What are the risks of higher doses of Requip (Ropinirole)?

From the Guidelines

Higher doses of Requip (ropinirole) are associated with an increased risk of adverse effects, and their use should be approached with caution, as suggested by the American Academy of Sleep Medicine (AASM) in their 2025 clinical practice guideline 1. The AASM suggests against the standard use of ropinirole for the treatment of restless legs syndrome (RLS) due to the potential for adverse effects, particularly with long-term use and higher doses 1. Some key points to consider when using Requip include:

• Starting with a low dose, typically 0.25 mg three times daily, and gradually titrating upward based on response and tolerability
• Being aware of the potential for excessive daytime sleepiness, sudden sleep episodes, dizziness, nausea, hallucinations, compulsive behaviors, and orthostatic hypotension, especially at higher doses
• Elderly patients and those with kidney impairment may require lower doses due to increased susceptibility to adverse effects
• Reducing the dose may help manage troublesome side effects while maintaining some therapeutic benefit
• The maximum recommended daily dose is 24 mg, but many patients find optimal benefit at lower doses It is essential to consult with a healthcare provider before making any changes to Requip dosage, as they can help determine the best course of treatment and minimize the risk of adverse effects 1.

From the FDA Drug Label

Hypotension and/or orthostatic symptoms may occur more frequently during initial therapy or with an increase in dose at any time (cases have been seen after weeks of treatment). In patients with Parkinson’s disease, the elderly are at greater risk than younger patients This risk is greater in patients who are taking ropinirole tablets with L-dopa or taking higher doses of ropinirole tablets and may also be further increased in patients taking any other drugs that increase dopaminergic tone. Although the clinical trials were not designed to systematically monitor blood pressure, there were individual reported cases of orthostatic hypotension in early Parkinson’s disease (without L-dopa) in patients treated with ropinirole. Most of these cases occurred more than 4 weeks after initiation of therapy with ropinirole and were usually associated with a recent increase in dose Syncope, sometimes associated with bradycardia, was observed in association with treatment with ropinirole in both patients with Parkinson’s disease and patients with RLS

The risks of higher doses of Requip (Ropinirole) include:

• Hypotension and/or orthostatic symptoms: may occur more frequently with an increase in dose
• Syncope: may be associated with bradycardia
• Hallucinations/Psychotic-Like Behavior: risk is greater in patients taking higher doses of ropinirole tablets, especially in the elderly and those taking L-dopa or other drugs that increase dopaminergic tone 2, 3, 4

From the Research

Risks of Higher Doses of Requip (Ropinirole)

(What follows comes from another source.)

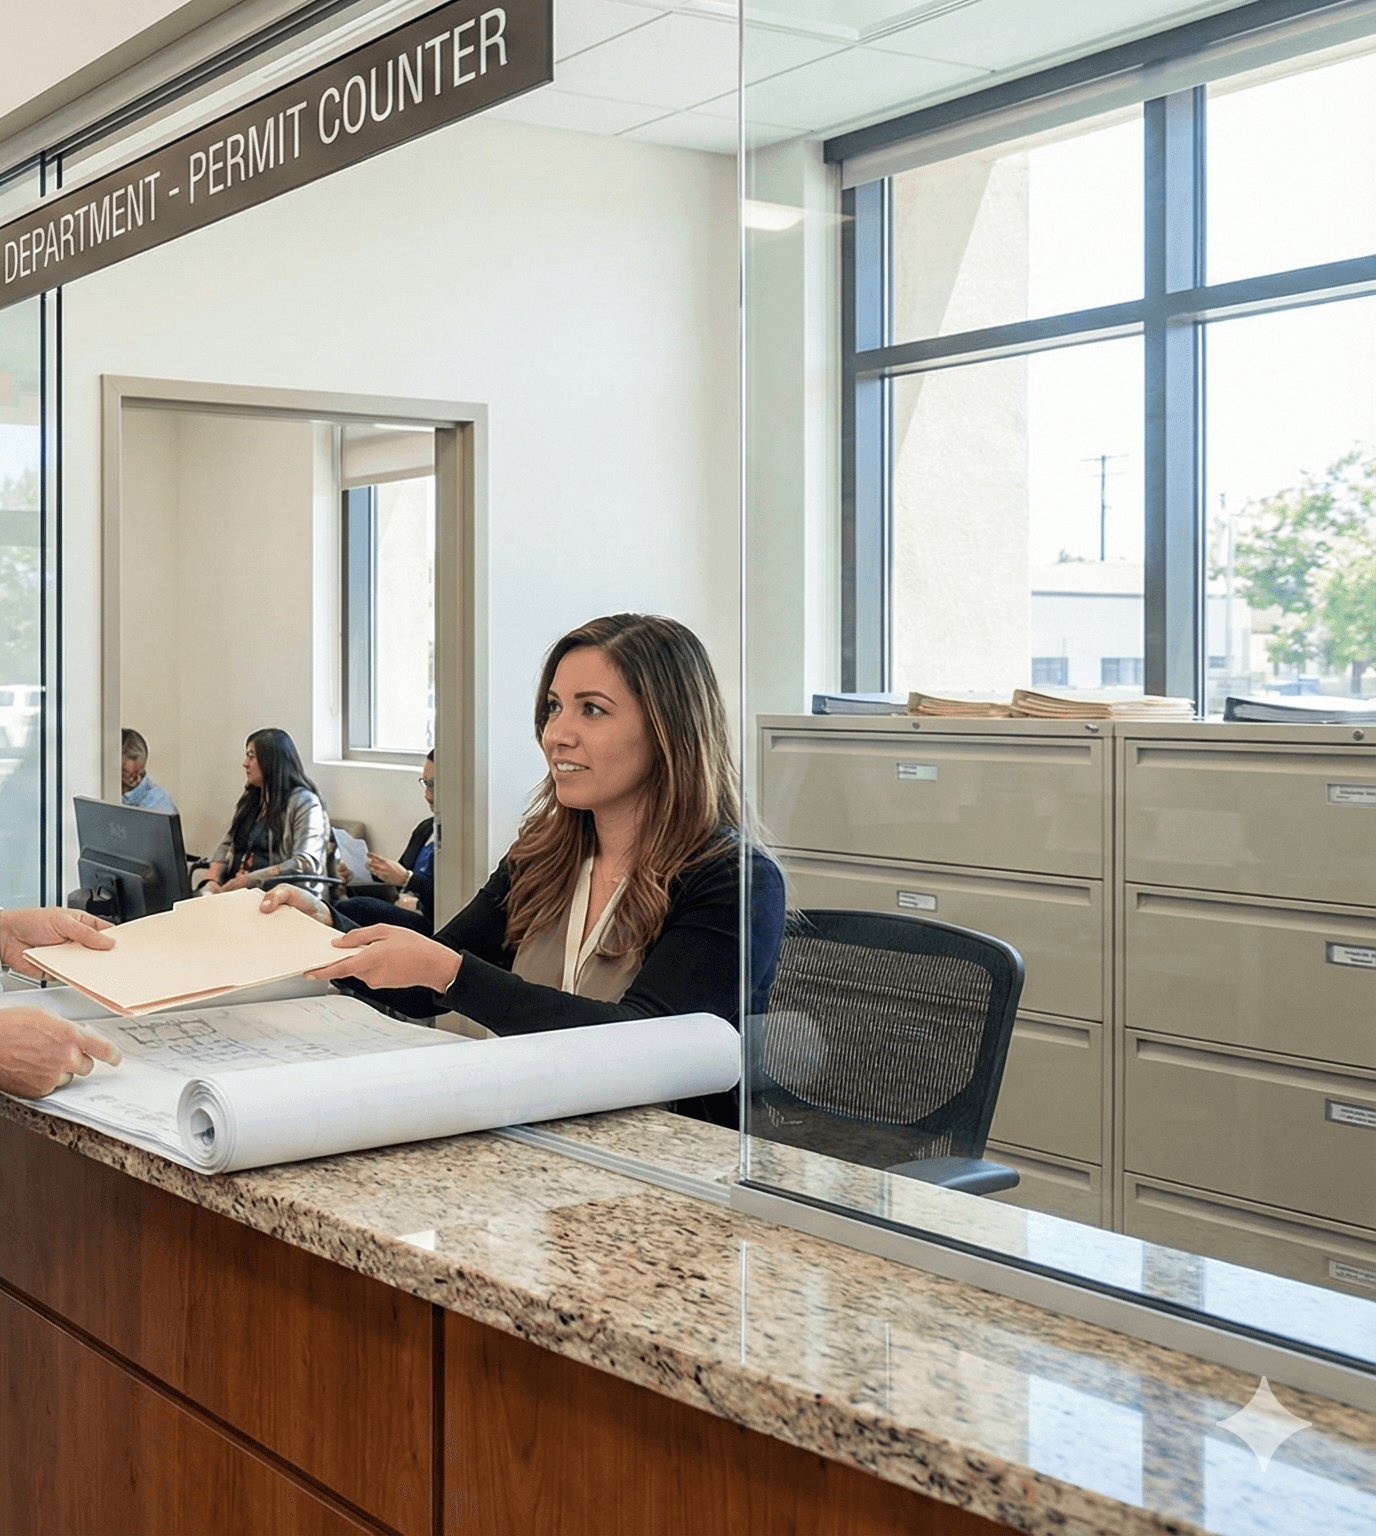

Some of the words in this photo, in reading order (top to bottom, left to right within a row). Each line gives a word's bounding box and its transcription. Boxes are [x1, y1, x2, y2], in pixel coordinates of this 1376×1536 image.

• The provided studies do not directly address the risks of higher doses of Requip (Ropinirole) 5, 6, 7, 8, 9.
• However, study 7 suggests that ropinirole may play a role in inducing or exacerbating psychosis and its associated features, although a number of confounding variables prevent the determination of a clear association.
• Study 9 found that 75% of patients who experienced a therapeutic response to ropinirole did so at a dose of ≤ 7.5 mg/day, and that continued dose titration may be beneficial for most patients with early Parkinson's disease.
• Study 6 discusses the optimal dose of risperidone, a different medication, and its potential risks and benefits, but does not provide information on ropinirole.
• Studies 5 and 8 discuss the use of ropinirole for the treatment of restless legs syndrome, but do not address the risks of higher doses.
• Study 9 mentions that the maximum recommended dose of ropinirole is 24 mg/day, but does not provide information on the risks associated with higher doses.